Congolese soil is full of buried treasures. The long civil war, which ravaged the east for most of the decade, was largely financed by minerals like those harvested in hillsides such as Bisie. Congo tin, tantalum and tungsten are used in electronics around the world. Although some of these minerals come from large industrial copper mines in Katanga, southern Congo, and a gold mine in South Kivu, there is not yet a single modern mine in North Kivu. In deep underground artisanal mines that often go beyond 30 meters in eastern Congo, children work to extract minerals essential for the electronics industry. Mineral profits finance the bloodiest conflict since the Second World War. The war lasted nearly 20 years, recently broke out again.

Over the same 20-year period, the concept of corporate social responsibility in the West has evolved. Despite this Samsung, HTC and Apple still cannot guarantee that there will not be illegal child labor in the manufacture of their products, even if there is now an increased focus on the supply chain because the legal framework and the damage of the public opinion on companies because of information which often filter out of doubtful business.
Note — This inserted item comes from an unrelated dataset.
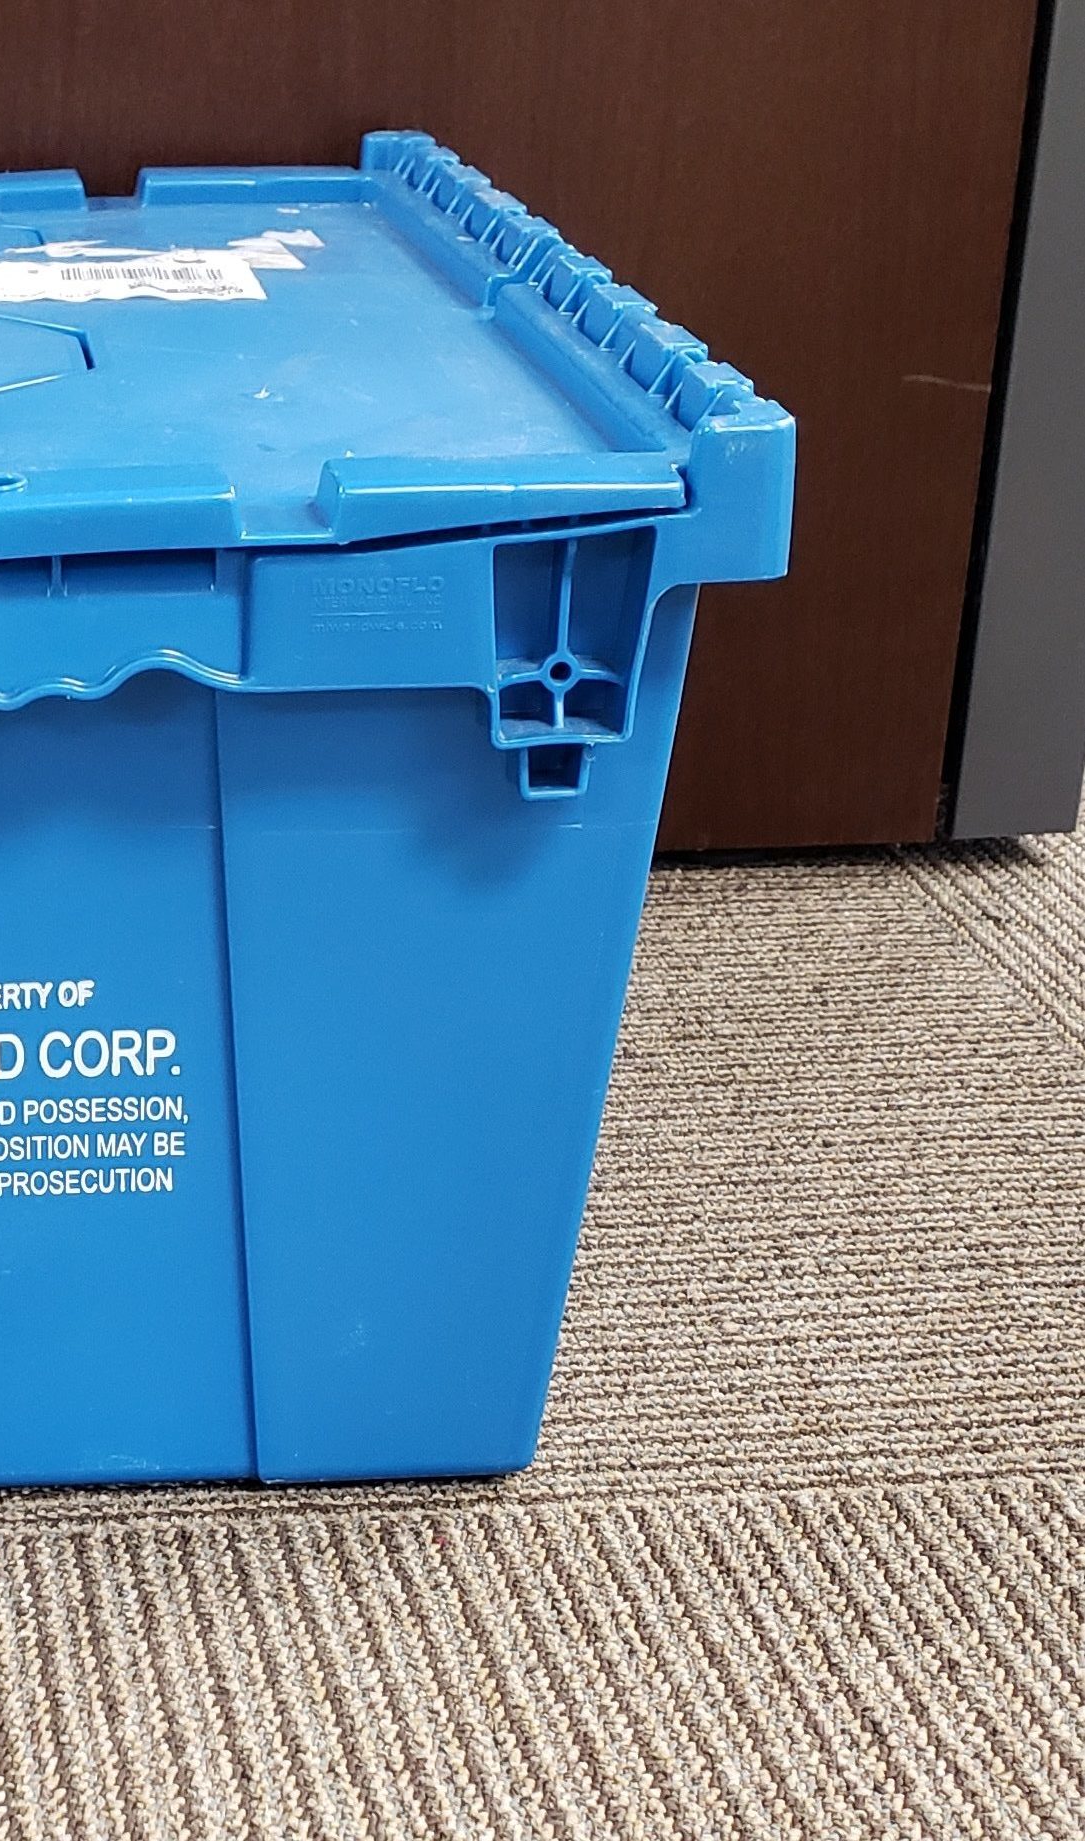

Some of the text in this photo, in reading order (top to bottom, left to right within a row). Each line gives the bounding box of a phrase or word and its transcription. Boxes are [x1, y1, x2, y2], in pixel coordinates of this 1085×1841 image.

Over the past 15 years, the Democratic Republic of Congo has been a major provider of natural resources for the mobile phone industry. This special relationship has caused untold damage.

An English reporter says, "I have never experienced anything similar to what I saw the first time I entered the mines of Bisie. The armed groups had made a simple grid of sticks, and everyone entering or leaving had to pay them money. About 15 to 25,000 people were trapped in this village made of mud and plastic bags.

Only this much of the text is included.